We’ll stay tuned to find out! Let’s go back to the physicist/biologist dilemma. You started out your studies picking physics. When did you get interested in biology?
I knew I was going to work in biology since the very beginning. I would sit in physics seminars and be amused by mathematics and the formalism the speaker would use to attack a certain problem, but then I’d get bored and think: “Am I really going home and do this computation?” I guess I was not thrilled by the specific topics at hand, but fascinated by the problem solving mentality and the tools used to solve those problems. At the same time, I would sit in biology seminars and be carried away by the sheer beauty of the questions asked and the grand scheme of things. On the other hand, the messiness of the details would leave me unsatisfied. I guess you could say that I took the best of both worlds! Or, maybe, that I misunderstood both.
We have seen that the relationship between physics and biology flows definitely from the former to the latter. But is it reciprocal?

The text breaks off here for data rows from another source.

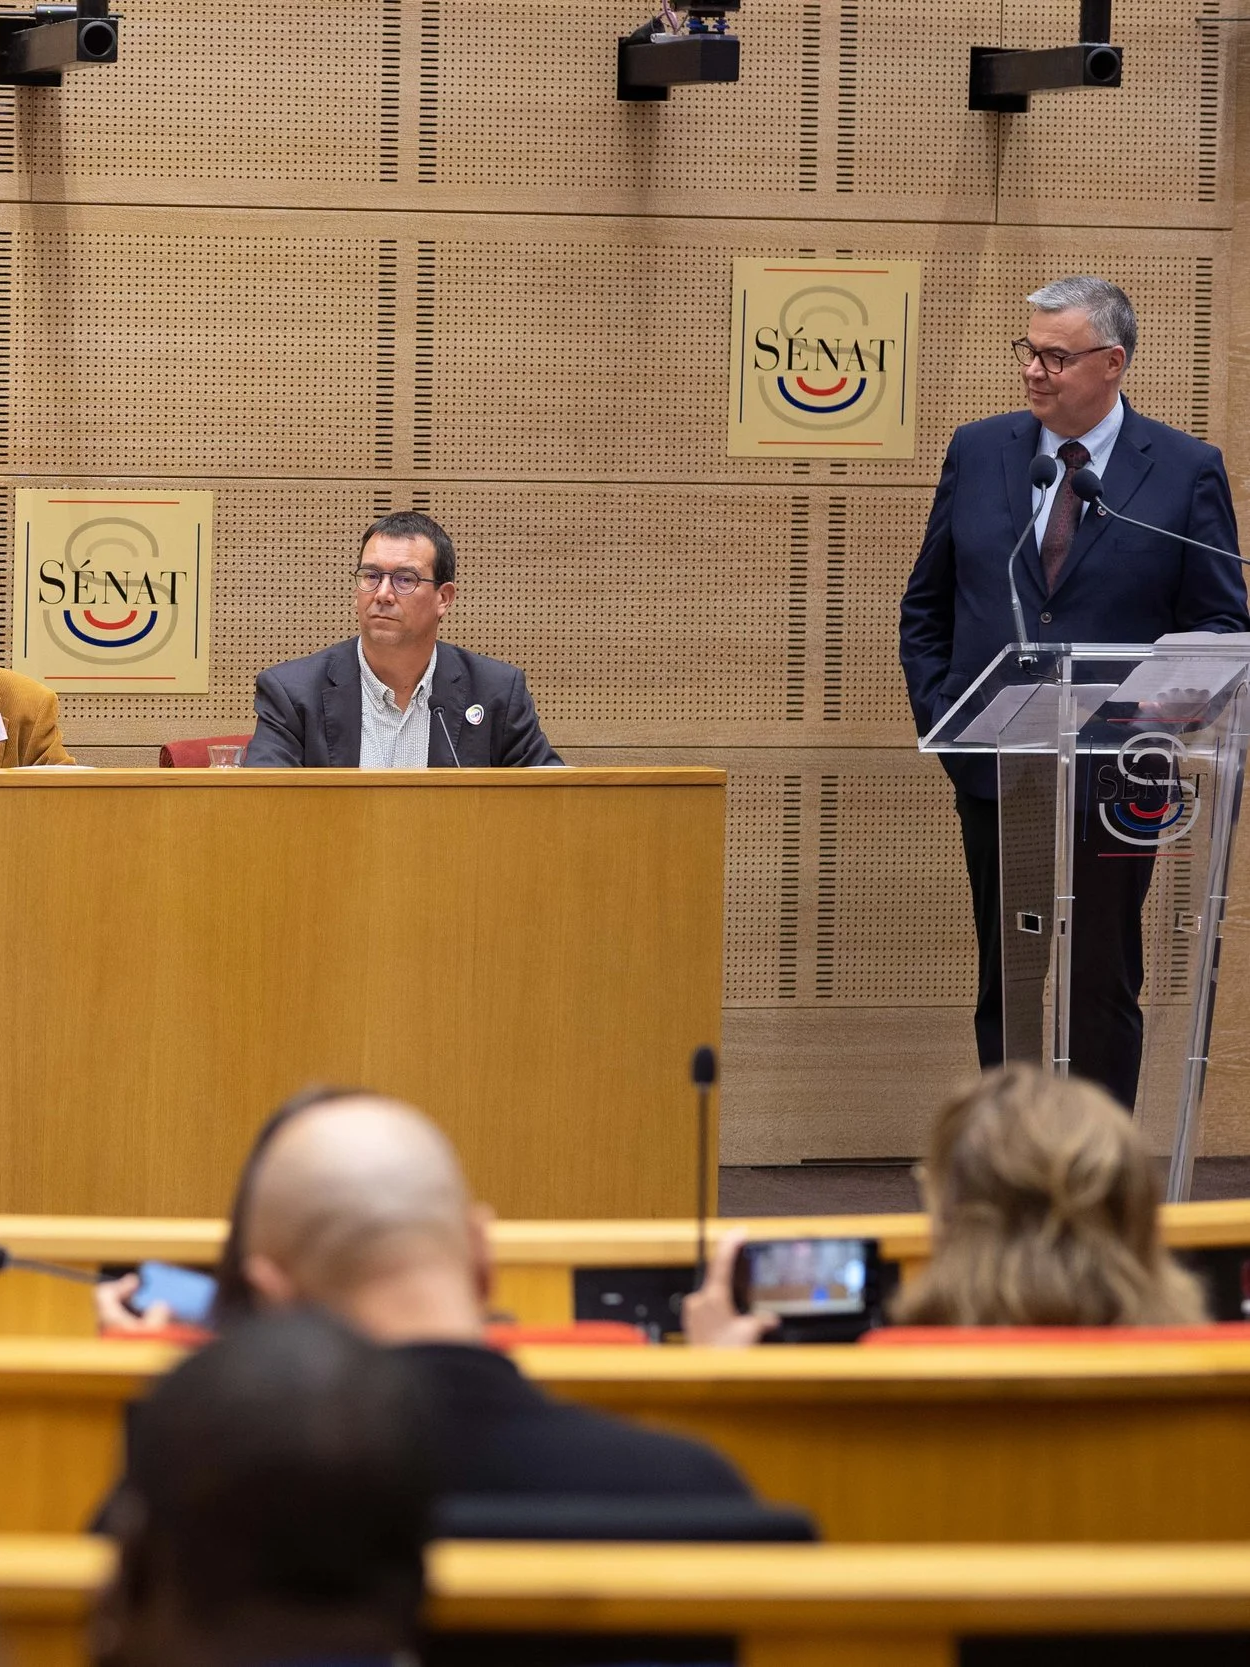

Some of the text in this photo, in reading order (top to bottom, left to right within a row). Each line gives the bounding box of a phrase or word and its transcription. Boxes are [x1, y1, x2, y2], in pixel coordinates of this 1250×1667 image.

[753, 326, 896, 372] SÉNAT
[38, 559, 188, 605] SÉNAT
[1096, 763, 1208, 801] SÉNAT
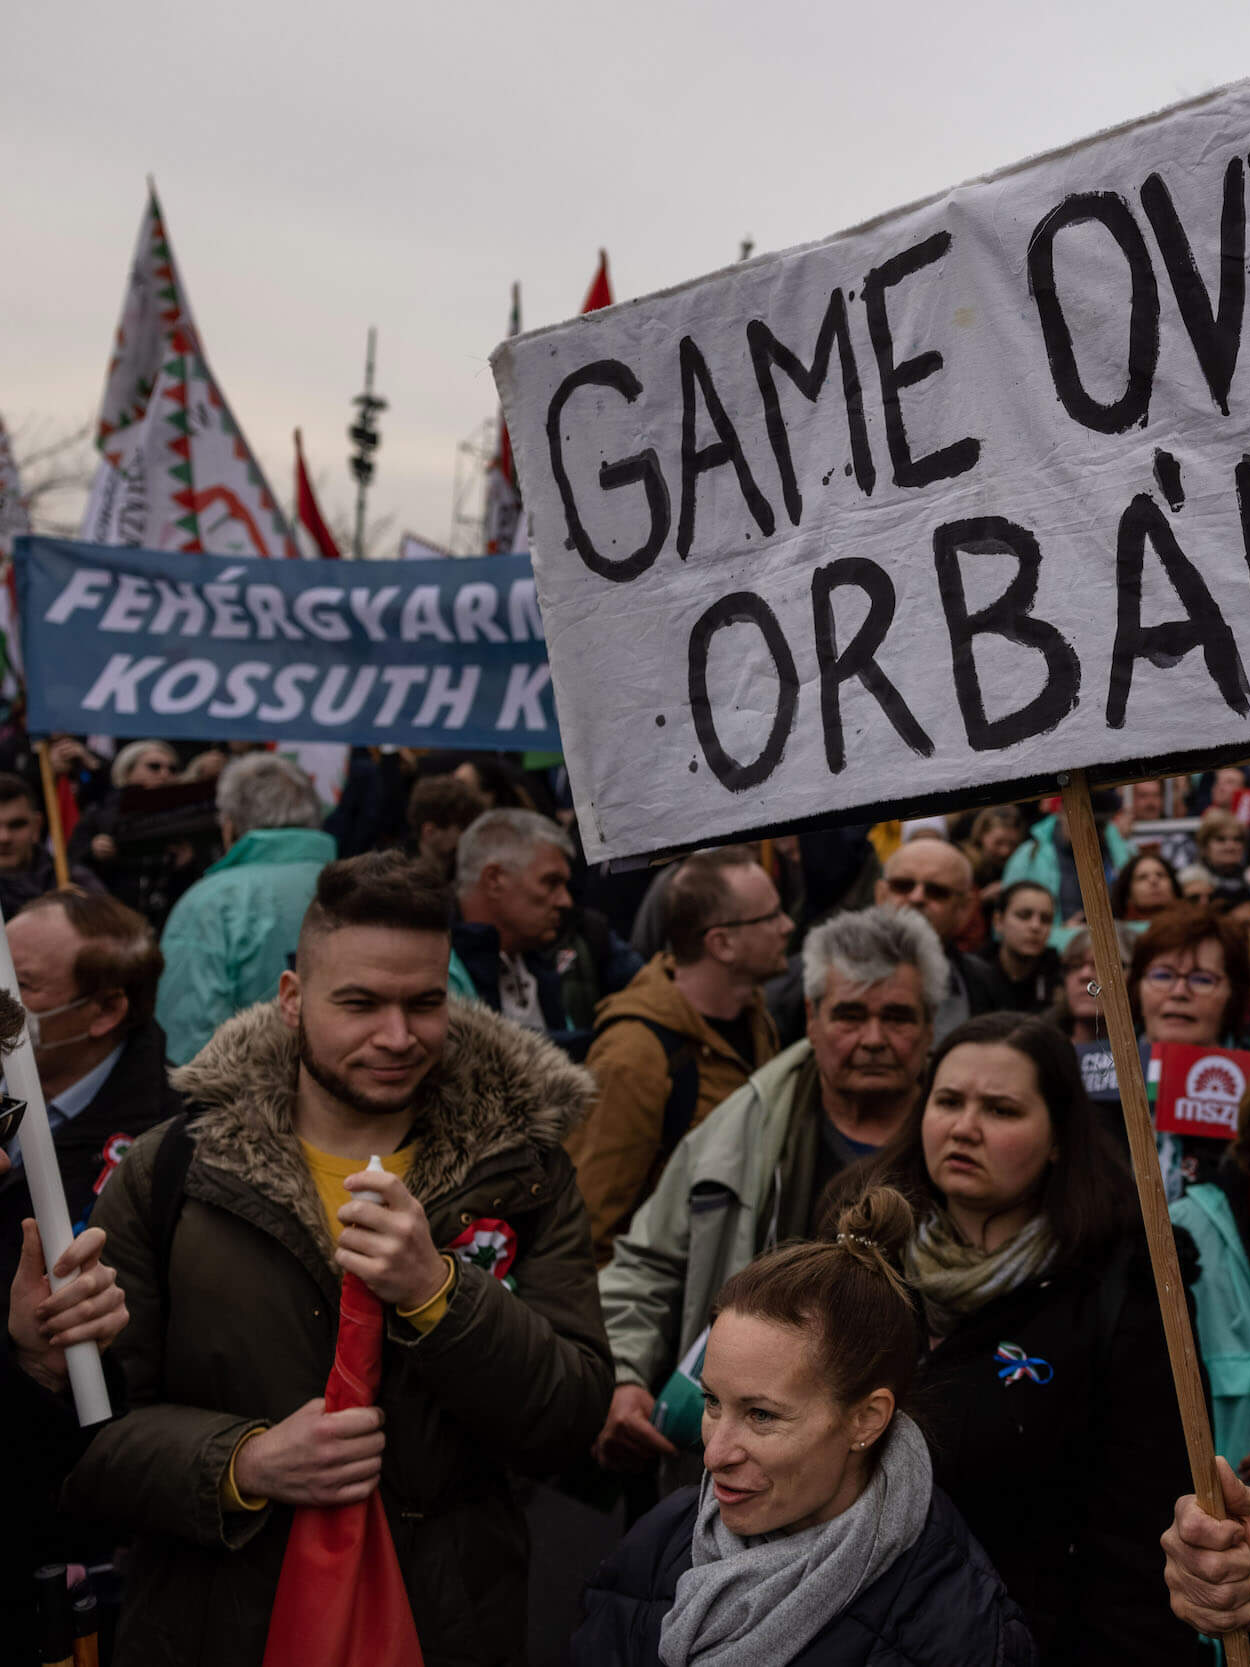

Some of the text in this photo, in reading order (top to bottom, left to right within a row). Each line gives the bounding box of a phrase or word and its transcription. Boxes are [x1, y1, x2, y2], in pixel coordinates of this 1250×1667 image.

[546, 230, 981, 582] GAME
[81, 653, 558, 731] KOSSUTH K

I think biology contributes a great deal to physics, but in a different way. It helps us figure out which are the relevant questions and it leads us to a sharper understanding of the methods we use. Let me give you the example of protein folding. We have a statistical model with many parameters, and physicists like to study these system for very large or for very small values of these parameters. However, because we are applying this particular model to biology, we need to understand it in a completely different range: it only works for protein folding if parameters are at an intermediate range and it unveils new properties that we wouldn’t even imagine before. Just before we didn’t know where to look. An example of this interaction is on the arXiv. What used to be known as the “Statistical mechanics and disordered system” section is now called “Disordered systems and neural networks”. This shift is remarkable and in a sense it’s telling us that this is all just one big field.